お線香と洗剤の香り


初めての店に外食に行って、期待が外れたときの落胆は「やっぱりダメだったか・・・」とつぶやく程度で済むが、一番怖いのは美味しいと何度も通う店で、隣の人の化粧や衣服の洗剤(柔軟剤?)の臭いに当たってしまうことである。セルフうどんのような店なら即座に席を変えて離れてしまえばいいが、ちょっとした名店ではそうはいかない。食べている間にそんな臭い持ちの人が隣に座ってくると諦めるしかない。

臭いに関しては前からそうだけど、漆喰と無垢の木の家に住み始めるようになって、ますます鋭敏になってしまったようだ。たとえば仏壇に毎日あげるお線香、以前人から京都の線香をいただいたのだけど、その松榮堂「のきば」を使い始めたら、いままでの線香が使えなくなってしまった。

お線香は朝の匂いのスターターとして重要なものである。「のきば」の説明書きには「吟味・厳選された天然香料を配合して・・・」と書かれている。ということは、人工香料を使っている線香も多いのだろう。ハーブの名を重ねたモダン線香もいちど使ってみたが、人工的なものなのか匂いが強過ぎて、すぐにお蔵入りとなった。

たぶん私の中でベースになっているのは、水と植物の匂いだ。少年の頃、釣りや海水浴に行ったときの、あるいは田んぼを歩いたときに嗅いだ水辺の様々な匂い。そして昆虫採集で山々を歩いていた時の、草花や木々にまつわる個性的な香りである。

考えてみれば、現代人はそのような世界からことごとく離れた生活している。新建材の家の中で24時間換気をしながらエアコンで暮らし、テレビやパソコン・スマートフォンの中で、バーチャルな世界にどっぷり浸っている。その世界に最も欠けている情報は「匂い」である。

しかし、ものの香りはまた人間にとって極めて重要なセンサーの役割をしている。人は食と吸気で人体に物質を取り込んでいるが、まず臭気によって鮮度を確かめることができる。そして、食の間違いは便や尿で排出されるという逃げ道があるが、吸気は肺から直接リンパや血液に入っていき、大半は体内に留まりやすい。

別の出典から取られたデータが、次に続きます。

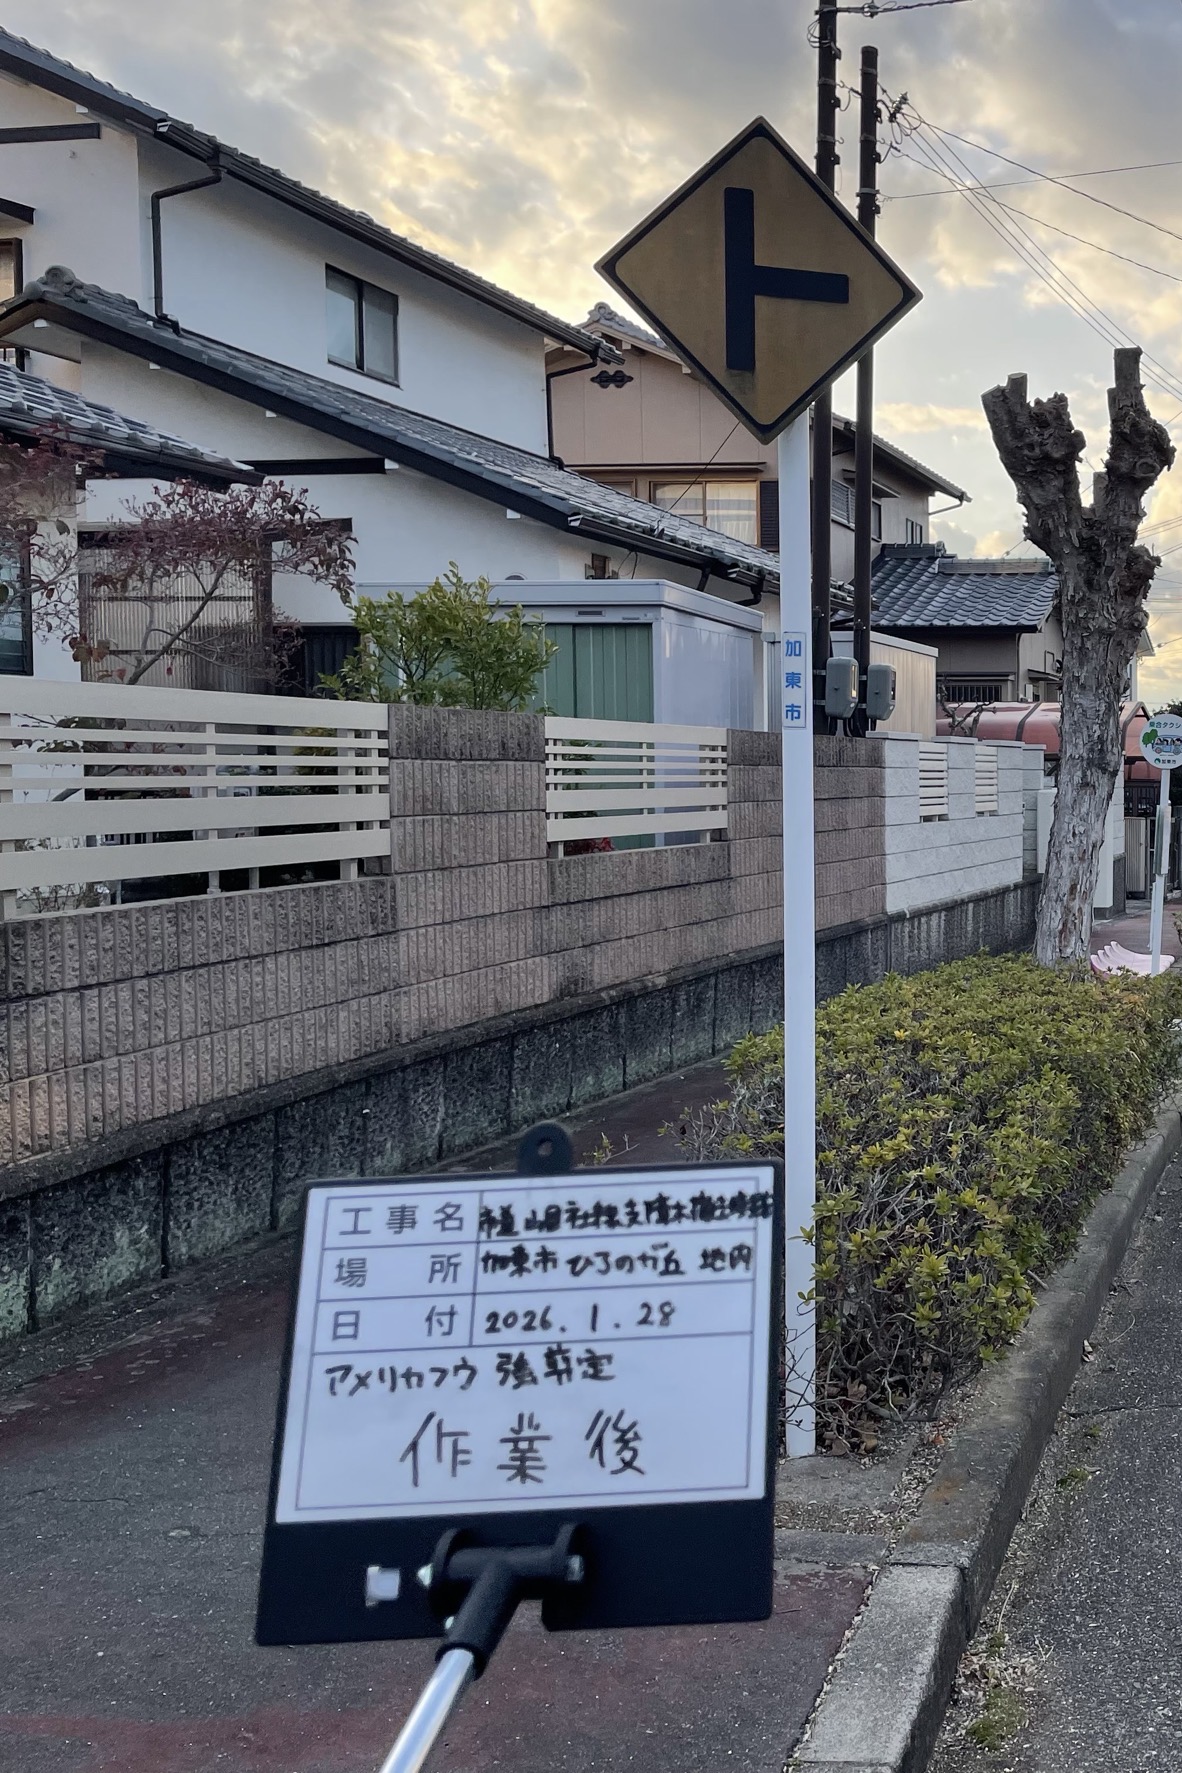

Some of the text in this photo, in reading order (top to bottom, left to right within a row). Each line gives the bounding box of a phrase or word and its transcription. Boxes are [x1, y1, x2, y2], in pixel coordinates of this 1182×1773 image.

[785, 639, 802, 721] 加東市
[340, 1201, 465, 1236] 工事名
[335, 1253, 462, 1288] 場所
[481, 1247, 558, 1278] 加東市
[331, 1305, 459, 1341] 日付
[399, 1409, 645, 1488] 作業後

旅先で柔軟剤の臭いを衣服につけて帰ってきてしまうことがある。シーツなどに強烈な洗剤臭の残る宿がたまにあるのだ。驚くべきことだが、接触するだけでなく空間を通しても臭いが移るようなのだ。今の洗剤・柔軟剤にはマイクロカプセル(※)が使われているものがあり、常にマイクロカプセルに接していると鼻粘膜の臭い分子リセブター数が減少し、(本人は)しだいに臭いをあまり感じなくなるのという。

※マイクロカプセルの大きさの単位はマイクロ(100万分の1m)、臭い分子の大きさの単位はナノ(10億分の1m)

調べてみると人工的な香料が原因で体調不良を引き起こす「香害」という言葉まであり、臭いが原因で、結婚式や葬式にも出られない人もいるらしい。カフェの店主のツイートに「イスもカップもメニューにもすごい臭いが残って困っている」というのを見つけた。いやはやすごいことになっている。

しかし、これら化学物質が洗濯を通して自然の生態系に流れ出ているとしたら・・・。先日の河名秀郎さんの本にも書かれていたが、まず重要なのは化学物質という異物を身体に入れないことだと思う。

ちなみに我が家は風呂も台所も石鹸だけ、洗剤は粉石鹸(ミヨシ石鹸の「そよかぜ」はホームセンターで購入できる)。歯磨き粉も不使用。そのせいか浄化槽の出口はほぼ透明で無臭な水になっている。


「お線香と洗剤の香り」への2件のフィードバック

  1. この頃の 柔軟剤( ̄◇ ̄;)凄すぎて 辛いです
    ポンとしたら 香よみがえる…なんて…

    お線香も いろいろ試し お煎茶の先生に勧められ 松榮堂に 行き着きました〜♪

    木や草の香りを感じられなくなったら……恐ろしい……

  2. 高松三越で大京都展というのを毎年やるんですが、
    そこで松榮堂さんが出店していたときがあって
    のきば愛用していますって言ったら、

    「では、今年はその上のものどうですか_」

    って勧められたw。
    グレードがず〜っと何段階もあるのね、香りの世界も凄いな・・と。

    ブリア=サヴァランが『美味礼讃』で書いているけど、
    味覚は嗅覚がセットになっていて、美味を味わうには匂いが非常に重要なんだよね。

    囲炉裏をやっていると、燃やす木の枝の種類によって
    匂いが違うのを感じる。ほのかな煙の匂い
    これ、お香の原型みたいなものだけど、いいものですよ。